***** Records supplied

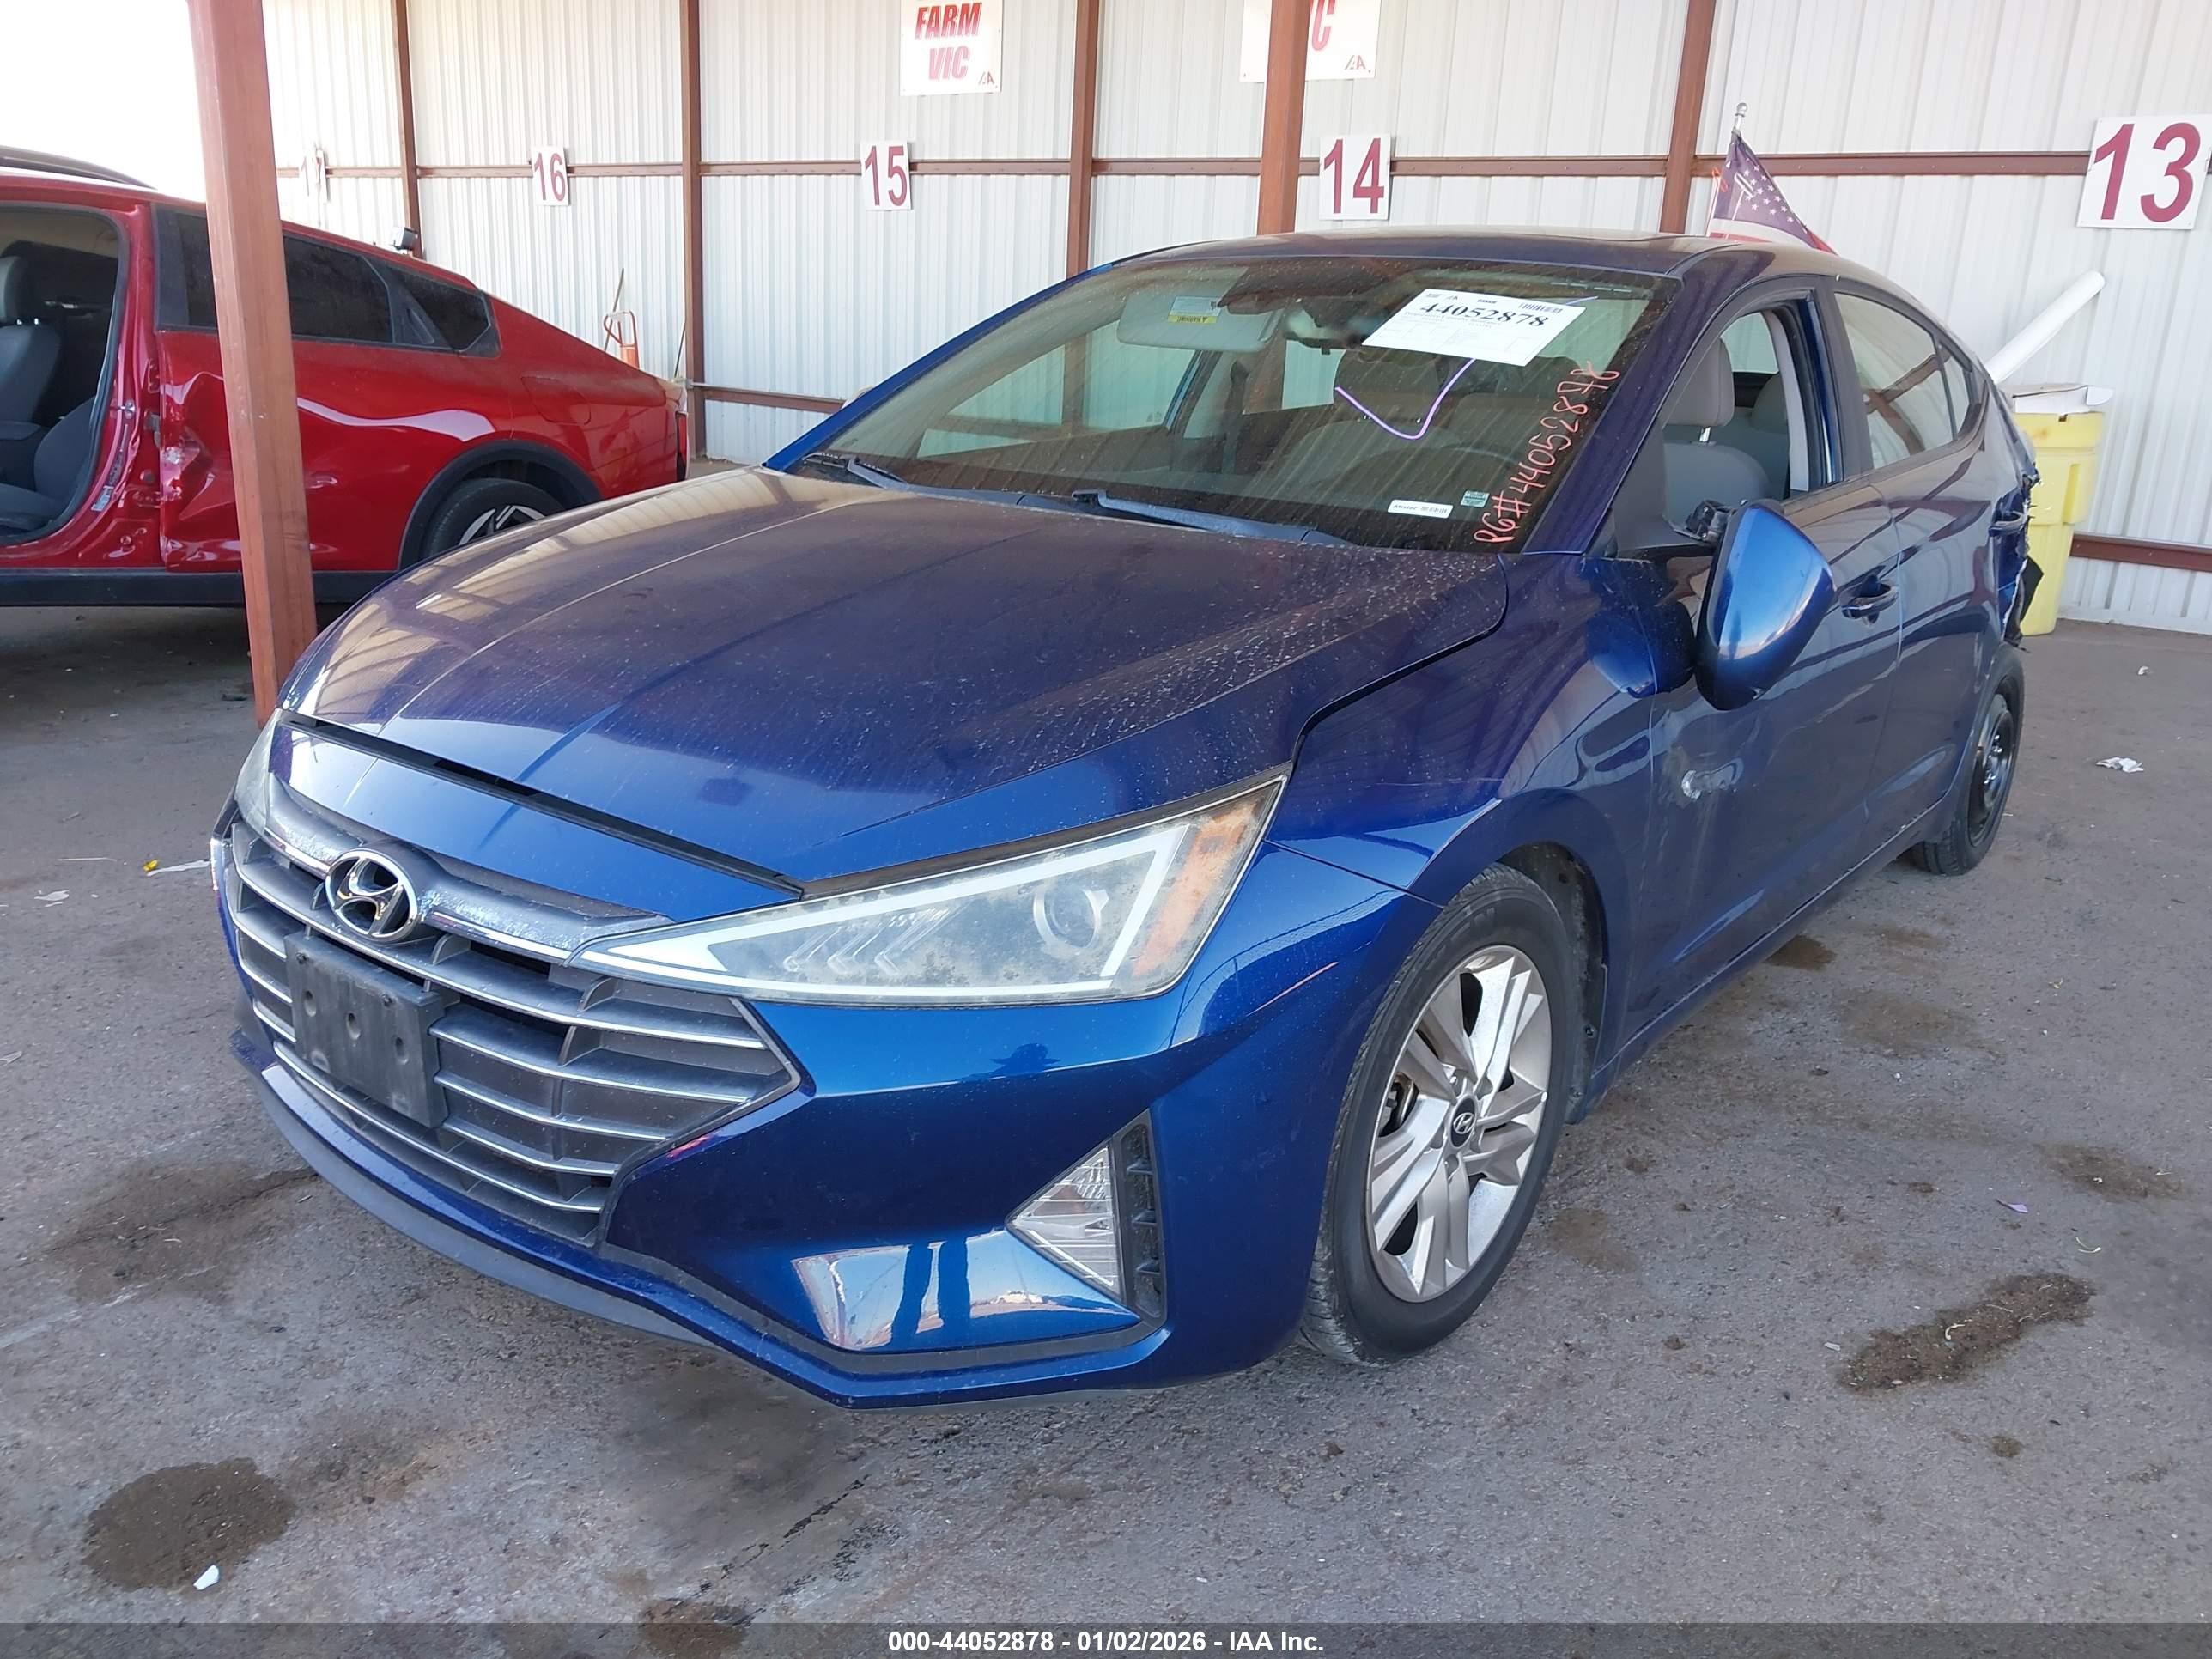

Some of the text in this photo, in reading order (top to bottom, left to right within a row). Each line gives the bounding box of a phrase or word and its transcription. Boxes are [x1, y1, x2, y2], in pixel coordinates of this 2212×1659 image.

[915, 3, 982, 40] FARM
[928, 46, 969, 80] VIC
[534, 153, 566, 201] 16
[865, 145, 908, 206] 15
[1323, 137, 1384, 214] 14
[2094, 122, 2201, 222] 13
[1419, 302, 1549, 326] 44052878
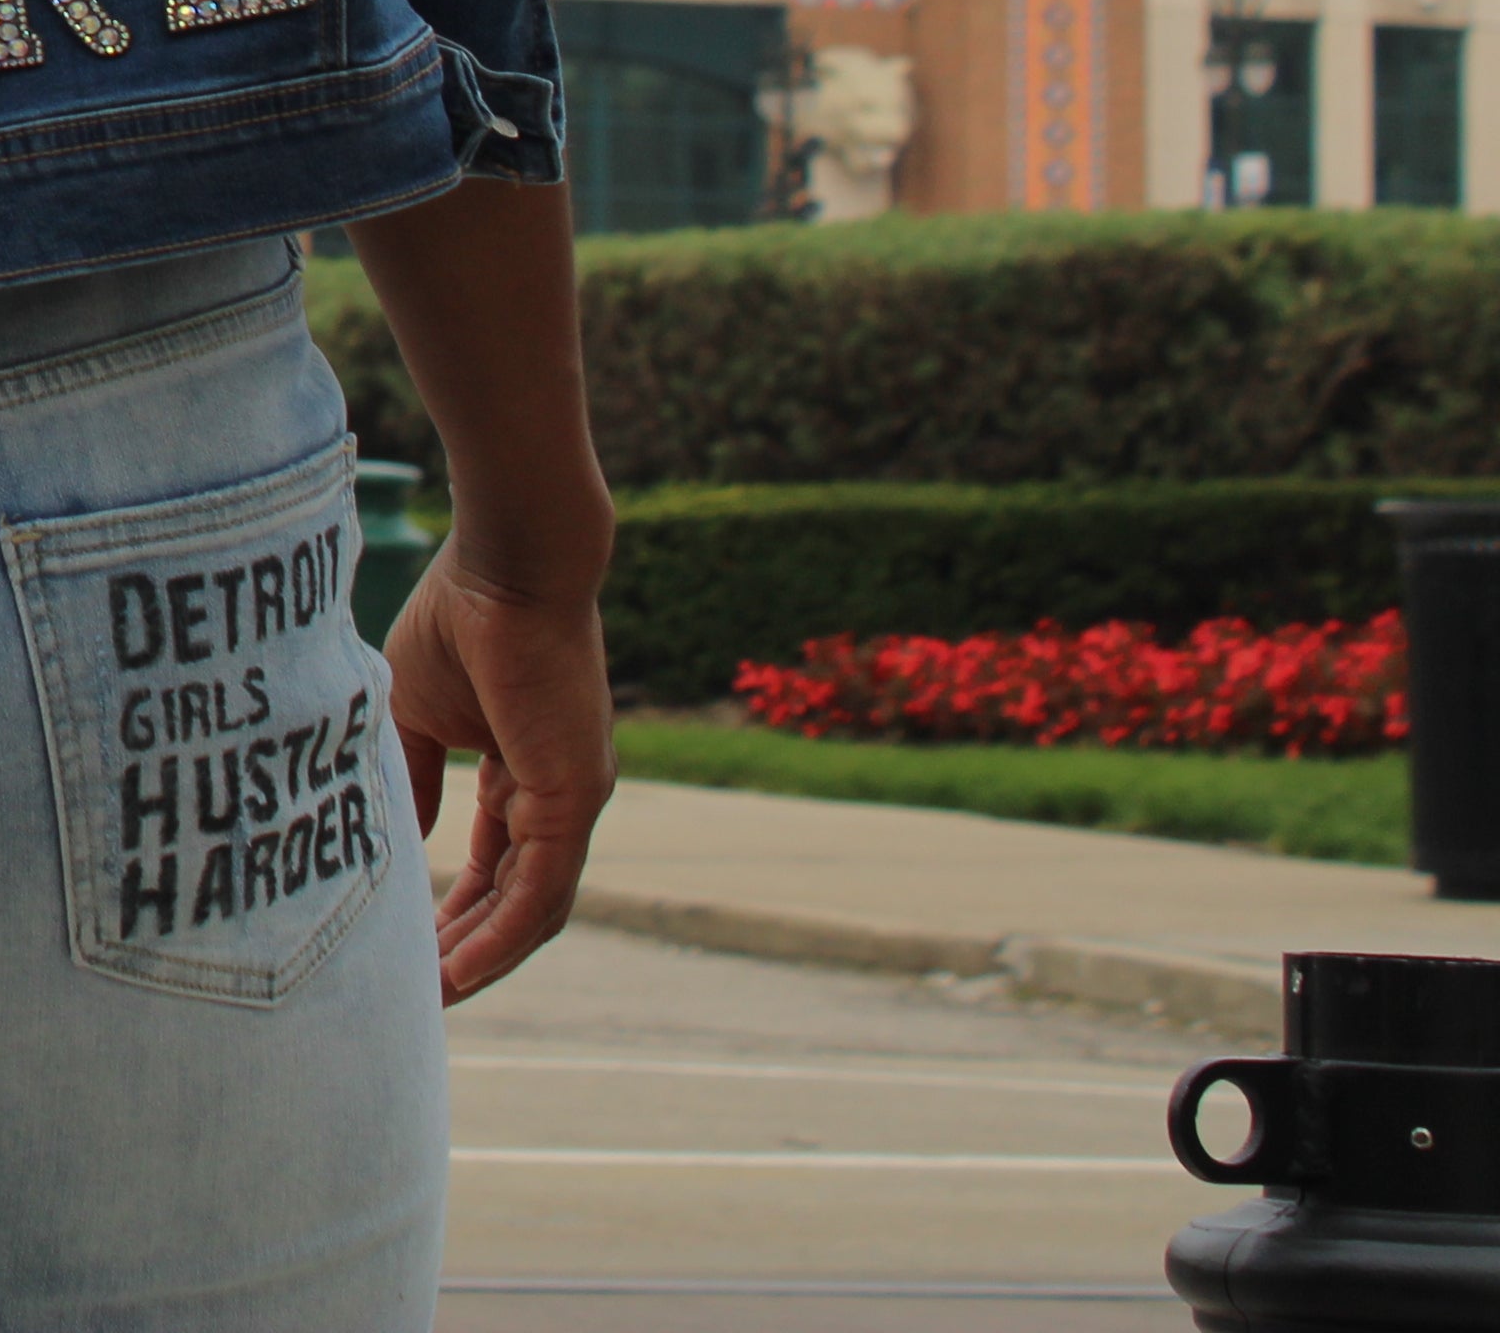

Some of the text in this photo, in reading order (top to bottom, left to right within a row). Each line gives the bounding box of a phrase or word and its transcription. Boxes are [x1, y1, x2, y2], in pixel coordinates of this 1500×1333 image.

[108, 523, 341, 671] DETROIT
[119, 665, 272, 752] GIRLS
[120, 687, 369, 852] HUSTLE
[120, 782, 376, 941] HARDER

**********

__What you are asked to do__: The listing above must be printed again exactly, minus its pictures.

__Solution to the exercise__:
Some of the text in this photo, in reading order (top to bottom, left to right within a row). Each line gives the bounding box of a phrase or word and its transcription. Boxes are [x1, y1, x2, y2], in pixel coordinates of this 2212×1659 image.

[915, 3, 982, 40] FARM
[928, 46, 969, 80] VIC
[534, 153, 566, 201] 16
[865, 145, 908, 206] 15
[1323, 137, 1384, 214] 14
[2094, 122, 2201, 222] 13
[1419, 302, 1549, 326] 44052878

Some of the text in this photo, in reading order (top to bottom, left to right within a row). Each line gives the bounding box of a phrase or word and its transcription. Boxes are [x1, y1, x2, y2], in pixel coordinates of this 1500×1333 image.

[108, 523, 341, 671] DETROIT
[119, 665, 272, 752] GIRLS
[120, 687, 369, 852] HUSTLE
[120, 782, 376, 941] HARDER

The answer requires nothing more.